\documentclass{article}
%
\usepackage{fullpage}
\usepackage{myVignette}
\usepackage[authoryear,round]{natbib}
\bibliographystyle{plainnat}
\newcommand{\noFootnote}[1]{{\small (\textit{#1})}}
\newcommand{\myOp}[1]{{$\left\langle\ensuremath{#1}\right\rangle$}}
%%\VignetteIndexEntry{Sparse Model Matrices}
%%\VignetteDepends{Matrix,MASS}
\title{Sparse Model Matrices}
\author{Martin Maechler\\ R Core Development Team
\\\email{maechler@R-project.org}}
\date{July 2007, 2008 ({\tiny typeset on \tiny\today})}
%
\begin{document}
\maketitle
\SweaveOpts{engine=R, keep.source=TRUE}
\SweaveOpts{eps=FALSE, pdf=TRUE, width=8, height=5.5, strip.white=true}
\setkeys{Gin}{width=\textwidth}
% \begin{abstract}
% ............................ FIXME
% \end{abstract}
%% Note: These are explained in '?RweaveLatex' :
<>=
options(width=75)
@
\section*{Introduction}
Model matrices in the very widely used (generalized) linear models
of statistics, (typically fit via \Rfun{lm} or \Rfun{glm} in \RR) are often
practically sparse --- whenever categorical predictors, \code{factor}s in
\RR, are used.
%% FIXME: Introduce lm.fit.sparse() or not ?

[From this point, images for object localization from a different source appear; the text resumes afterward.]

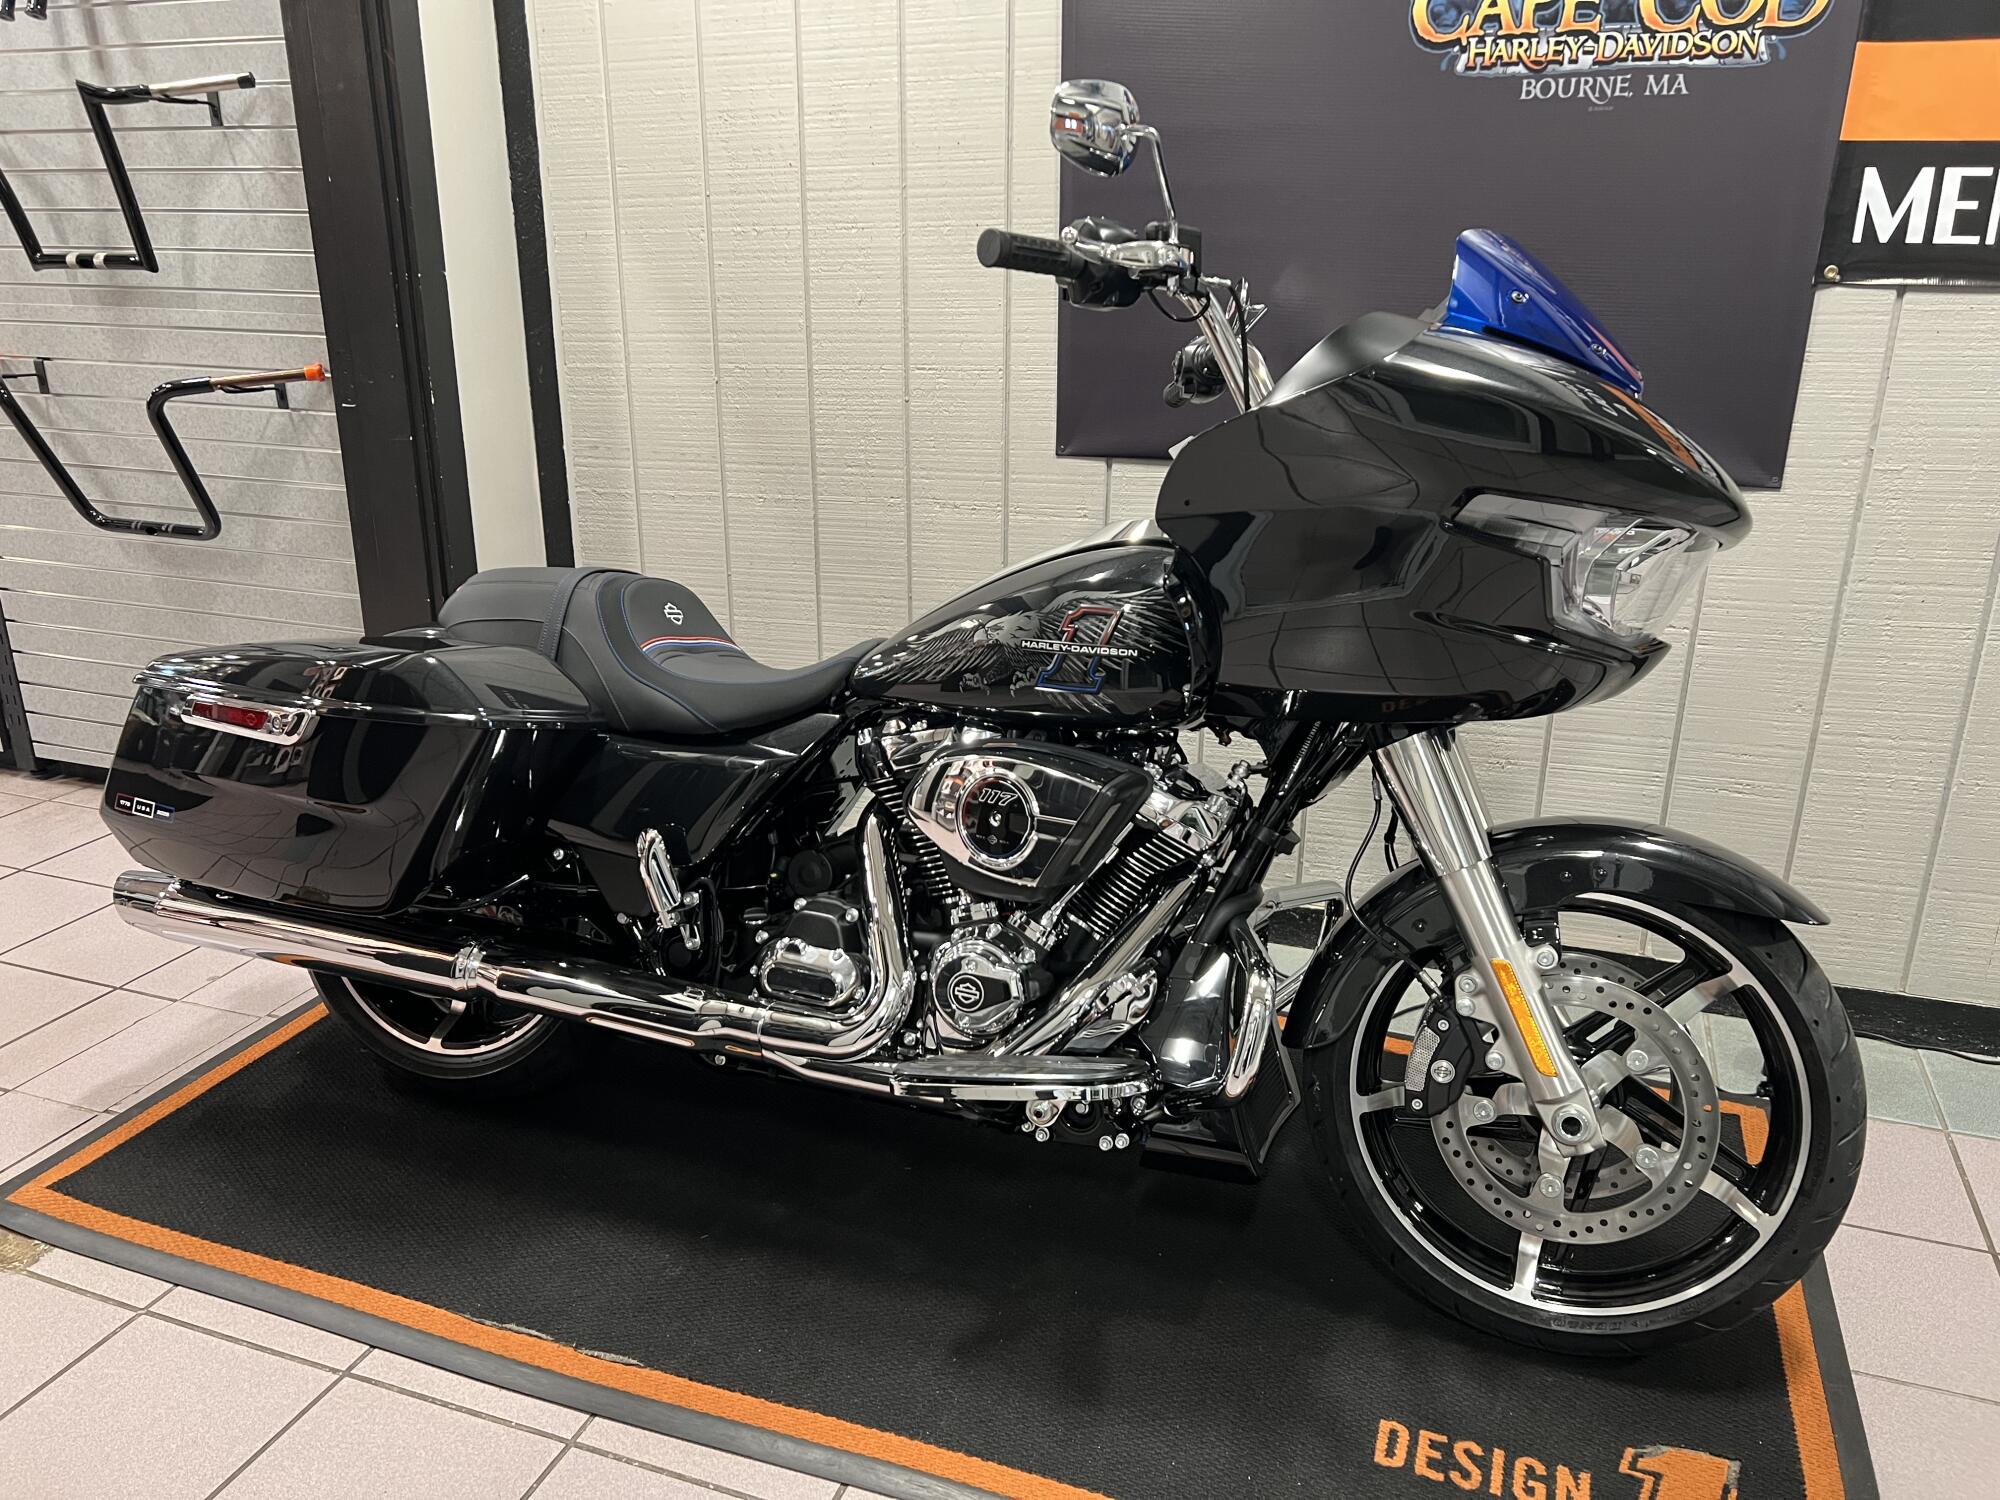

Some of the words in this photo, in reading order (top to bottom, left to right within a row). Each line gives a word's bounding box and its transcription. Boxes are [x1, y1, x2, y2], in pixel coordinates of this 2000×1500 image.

[1466, 29, 1764, 70] HARLEY-DAVIDSON
[1519, 73, 1634, 105] BOURNE,
[1643, 73, 1690, 96] MA
[1851, 166, 2000, 246] ME
[1021, 640, 1138, 657] HARLEY-DAVIDSON
[978, 788, 1018, 807] 117
[1373, 1418, 1592, 1500] DESIGN

We show for a few classes of such linear models how to construct sparse
model matrices using sparse matrix (S4) objects from the \pkg{Matrix}
package, and typically \emph{without} using dense matrices in intermediate
steps. %% only the latter is really novel, since "SparseM" (and others)
%% have used the equivalent of
%% as( model.matrix(.....), "sparseMatrix")
\section{One factor: \texttt{y $\sim$ f1}}
Let's start with an artifical small example:
<>=
(ff <- factor(strsplit("statistics_is_a_task", "")[[1]], levels=c("_",letters)))
factor(ff) # drops the levels that do not occur
f1 <- ff[, drop=TRUE] # the same, more transparently
@
and now assume a model $$y_i = \mu + \alpha_{j(i)} + E_i,$$ for $i=1,\dots,n
=$~\code{length(f1)}$= 20$, and
$\alpha_{j(i)}$ with a constraint such as $\sum_j \alpha_j = 0$ (``sum'')
or $\alpha_1 = 0$ (``treatment'') and $j(i) =$\code{as.numeric(f1[i])}
being the level number of the $i$-th observation. For such a ``design'',
the model is only estimable if the levels \code{c} and \code{k} are merged,
and
<>=
levels(f1)[match(c("c","k"), levels(f1))] <- "ck"
library(Matrix)
Matrix(contrasts(f1)) # "treatment" contrasts by default -- level "_" = baseline
Matrix(contrasts(C(f1, sum)))
Matrix(contrasts(C(f1, helmert)), sparse=TRUE) # S-plus default; much less sparse
@
where \Rfun{contrasts} is (conceptually) just one major ingredient in the
well-known \Rfun{model.matrix} function
to build the linear model matrix $\mathbf{X}$ of so-called ``dummy variables''.
%%
Since 2007, the \pkg{Matrix}
package has been providing coercion from a \code{factor} object to a
\code{sparseMatrix} one to produce the transpose of the model matrix
corresponding to a model with that factor as predictor (and no intercept):
<>=
as(f1, "sparseMatrix")
@
which is really almost the transpose of using the above sparsification of
\Rfun{contrasts} (and arranging for nice printing),
<>=
printSpMatrix( t( Matrix(contrasts(f1))[as.character(f1) ,] ),
col.names=TRUE)
@
and that is the same as the ``sparsification'' of \Rfun{model.matrix},
apart from the column names (here transposed),
<>=
t( Matrix(model.matrix(~ 0+ f1))) # model with*OUT* intercept
@
A more realistic small example is the \code{chickwts} data set,
<>=
str(chickwts)# a standard R data set, 71 x 2
x.feed <- as(chickwts$feed, "sparseMatrix")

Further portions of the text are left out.